By administrative action and executive order, FDR and his chosen associates created a continent-spanning network of national parks, forests, historic and archaeological sites, and wildlife refuges. The latter, in particular, brought animals such as the pronghorn antelope, Canada goose, trumpeter swan, whooping crane, and bighorn sheep back from the brink of extinction. The extent of those accomplishments is graphically evident in maps and lists, which Brinkley provides in 36 pages of appendices as well as a text that reveals Roosevelt’s personal commitment to conservation even while he was engaged in fighting a Great Depression and world war. He authorized Big Bend National Park, for example, on D-Day.

His accomplishments were, in hindsight, not all positive. Even at the time, fisheries biologists understood that the dams he loved to build radically disrupted riverine ecology as their reservoirs heedlessly drowned lands vital to Native Americans. Secretary of Interior and PWA czar Harold Ickes, who otherwise emerges as an even fiercer preservationist than FDR, had a pharaonic obsession with pouring concrete to kickstart the lagging construction industry and generate cheap electricity. The CCC introduced the forest-devouring plague of kudzu vine to the South in a misguided effort to check soil erosion. And Republicans likened his use of executive orders to “lock up” public lands to the tyranny of Adolf Hitler, laying the rhetorical groundwork for ranchers to “take back” public lands.

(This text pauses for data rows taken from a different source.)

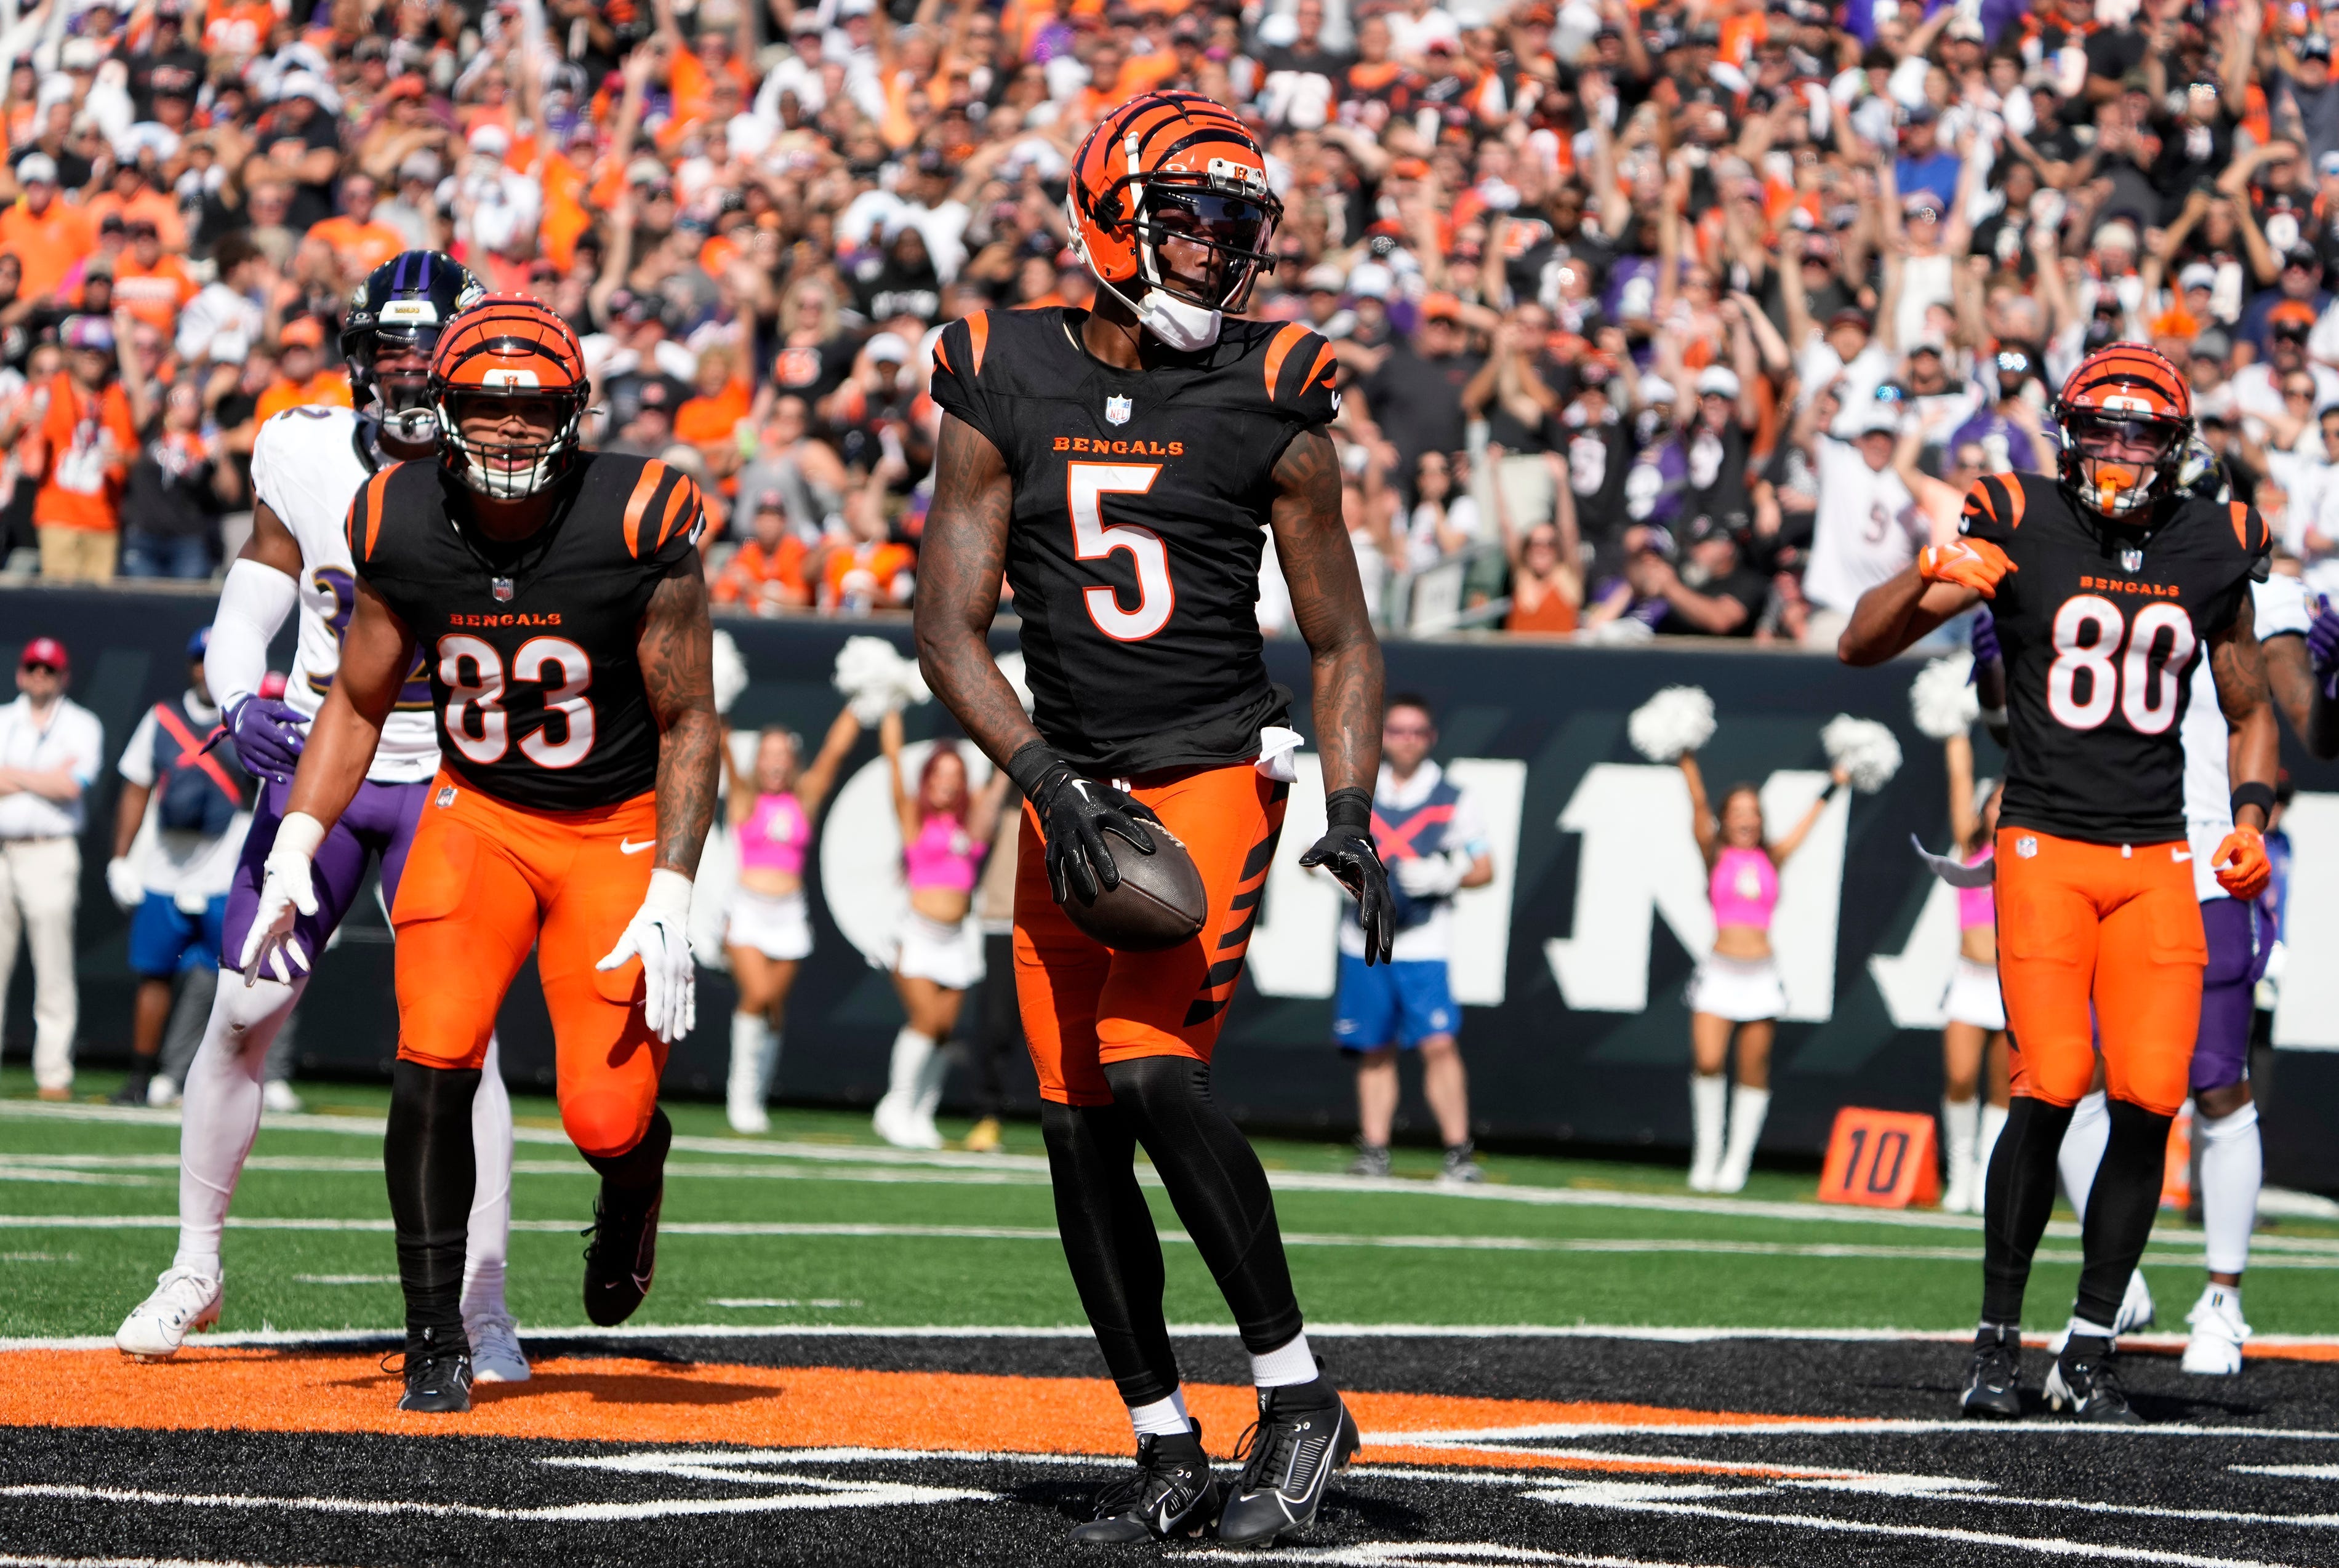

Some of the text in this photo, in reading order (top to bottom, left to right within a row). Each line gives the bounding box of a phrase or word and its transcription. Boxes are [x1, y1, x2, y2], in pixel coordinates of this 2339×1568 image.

[1053, 437, 1184, 456] BENGALS
[1066, 460, 1176, 642] 5
[449, 613, 562, 626] BENGALS
[2079, 575, 2180, 598] BENGALS
[2047, 593, 2196, 734] 80
[436, 633, 596, 769] 83
[1844, 1128, 1910, 1194] 10
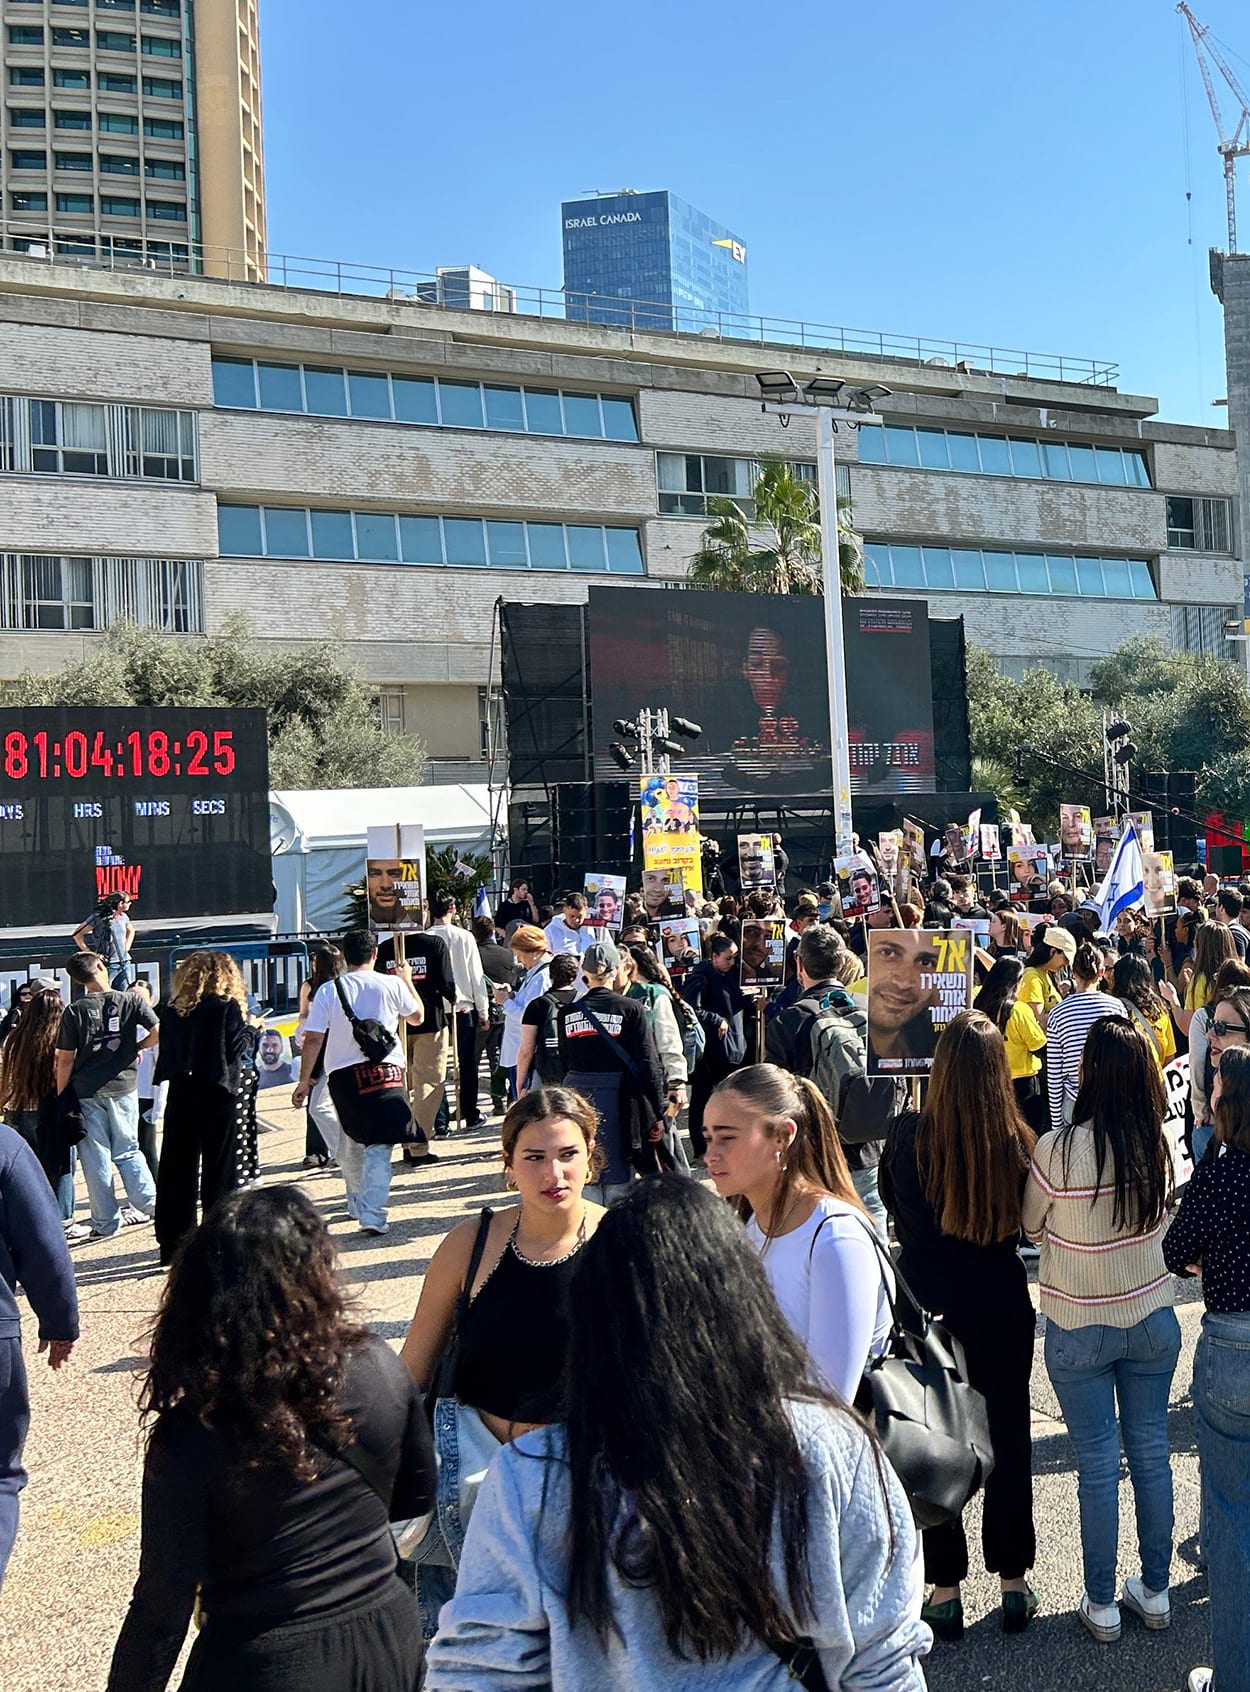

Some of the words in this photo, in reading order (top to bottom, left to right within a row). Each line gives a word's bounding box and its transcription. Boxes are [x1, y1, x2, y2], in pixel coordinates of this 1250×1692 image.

Nonetheless, few who read Rightful Heritage can deny that FDR often saw farther than his contemporaries let alone many today. On his perilous flight to Tehran to meet with Stalin and Churchill in 1943, a year and a half before his death, Roosevelt studied the deserts of the Middle East as he had the American landscape from train windows, and concluded that the region’s ruin was largely the result of millennia of deforestation and grazing. He wanted conservation to be a central concern of his United Nations after the war not only as a means of alleviating poverty and its pathologies but of leaving to future generations a more vibrant Earth which, he passionately believed, was everyone’s rightful heritage.

Gray Brechin is a geographer and Project Scholar of the Living New Deal. He is the author of Imperial San Francisco: Urban Power, Earthly Ruin.